Monday, December 14, 2015

Rockwell Kent Illustrations

Rockwell Kent (1882-1971) was a painter and illustrator whose style varied little over his long career. But it was a spare, modernist-leaning style in synch with the Art Deco and Moderne mood from the mid-1920s through the 1930s when his career was at its peak. Today, like so many other artists of his time, he is largely forgotten by the public at large. Biographical information is here.

Perhaps due to architectural training or maybe inherently, Kent had a strong sense of design of the monumental sort. Even small illustrations such as bookplates (see below) have a lot of visual heft. This style also was in keeping with his politics, glorifying the proletariat and winning him the Lenin Peace Prize in 1967 as testimony for being "useful."

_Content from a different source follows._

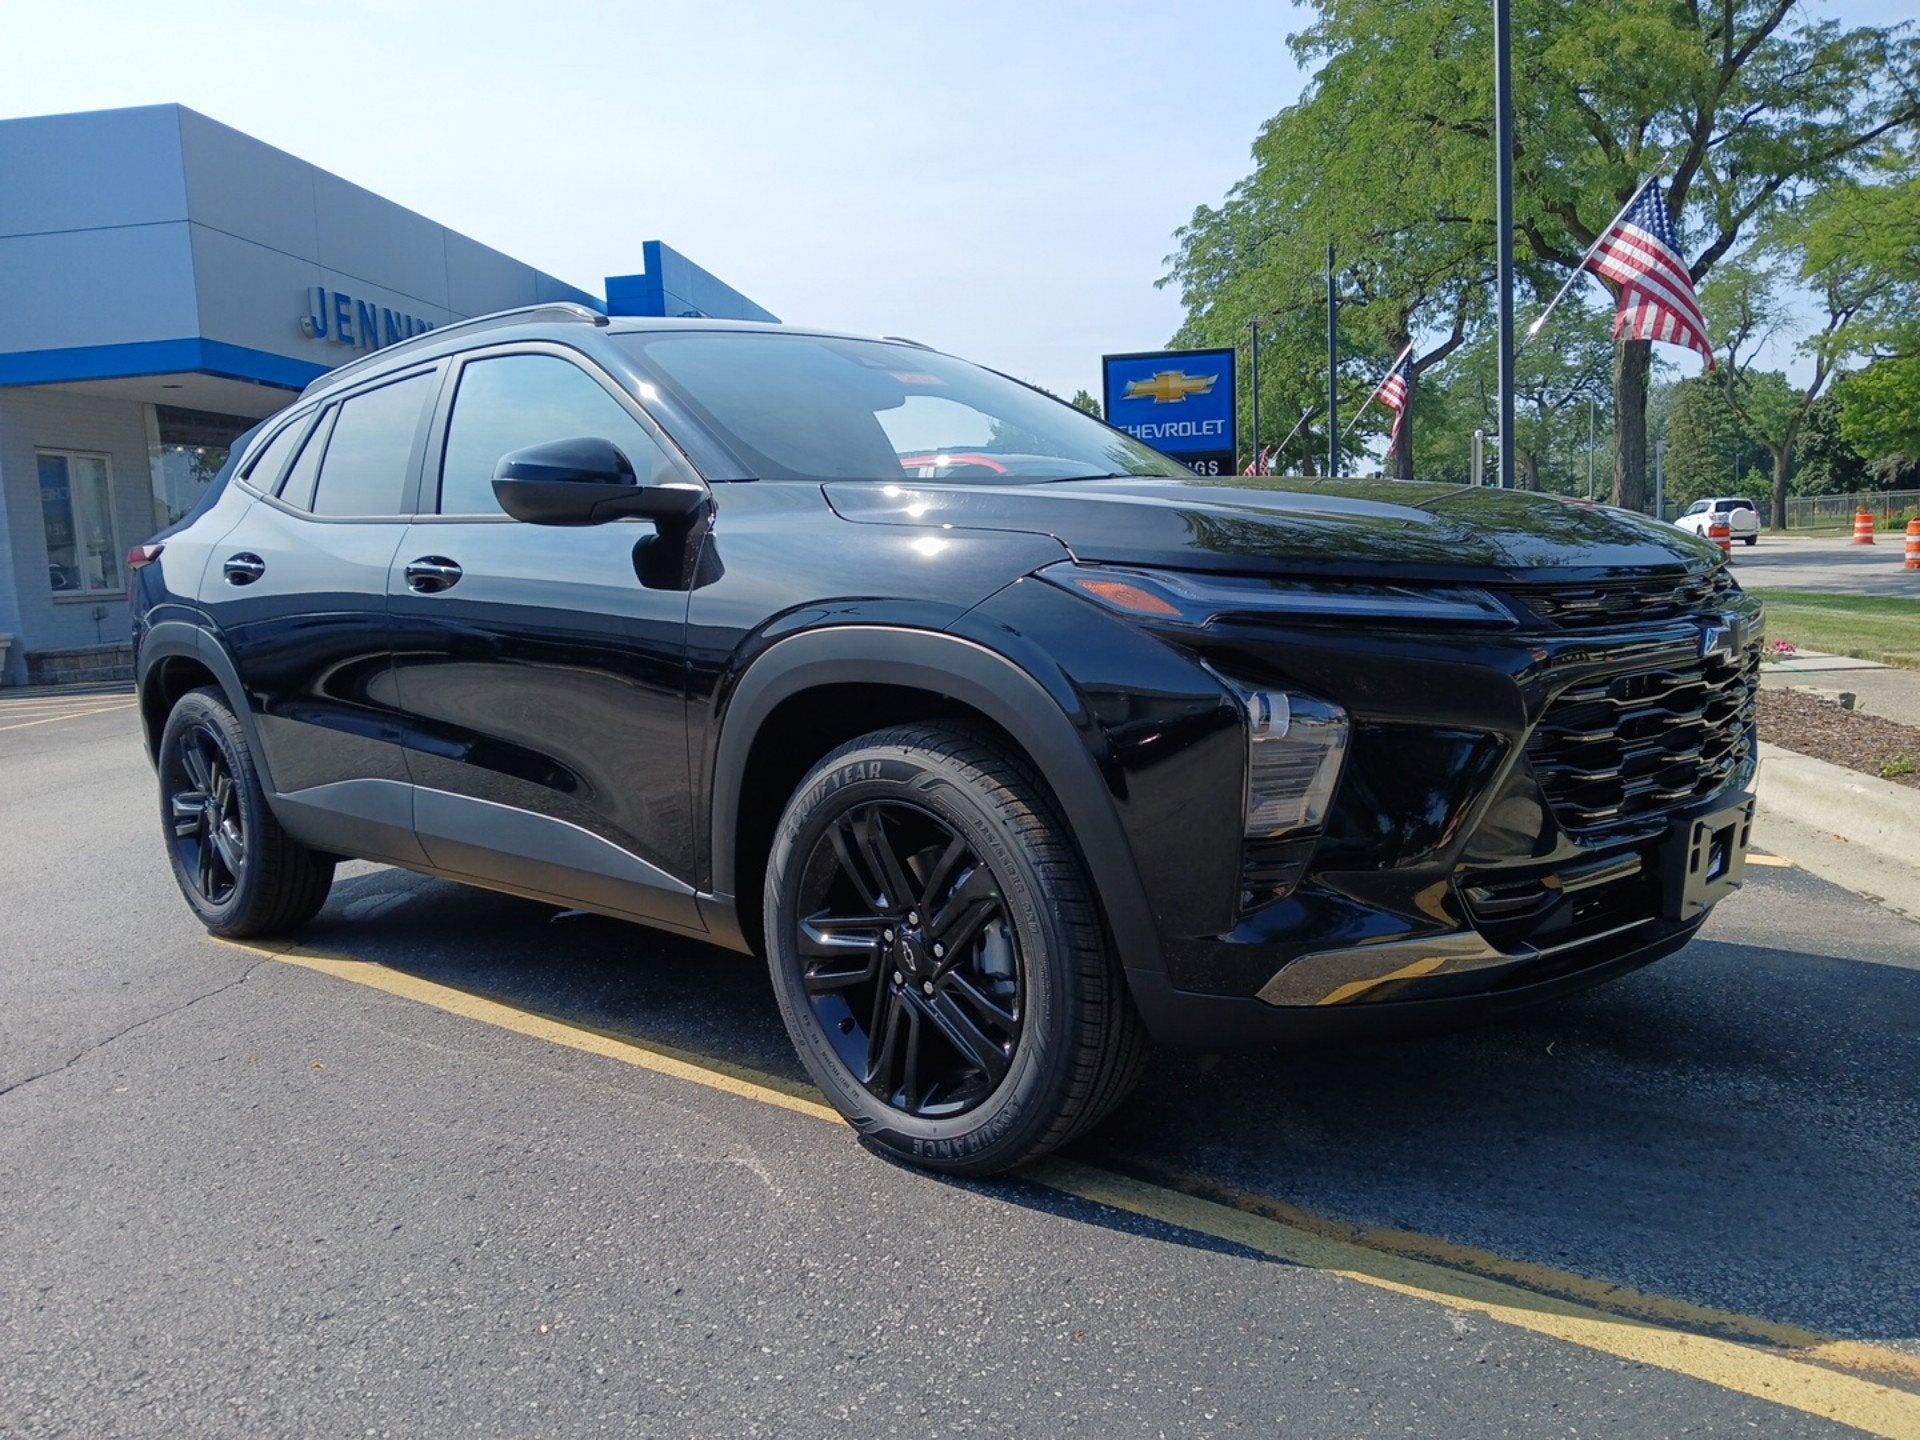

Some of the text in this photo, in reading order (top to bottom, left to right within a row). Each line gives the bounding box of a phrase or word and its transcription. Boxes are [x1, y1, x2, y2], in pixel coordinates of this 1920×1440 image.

The present post deals with Kent's illustration; I might post about his painting another time.

Gallery

Bookplate for Katharine Brush - 1920

Revisitation - 1928

Ahab - from Moby-Dick - 1930

"Workers of the World Unite" - 1937

And Women Must Weep - 1937

Faller - 1942

From Decameron - 1949

1 comment:

David Apatoff said...

Don, what is "Revisitation" from? Is it an illustration or is it a fine art print? Very powerful, thanks for sharing. Have you seen his print, "The End" of a man in a sinking lifeboat?

Time for me to go back and look at my copy of the Decameron. It has been too long since I enjoyed it.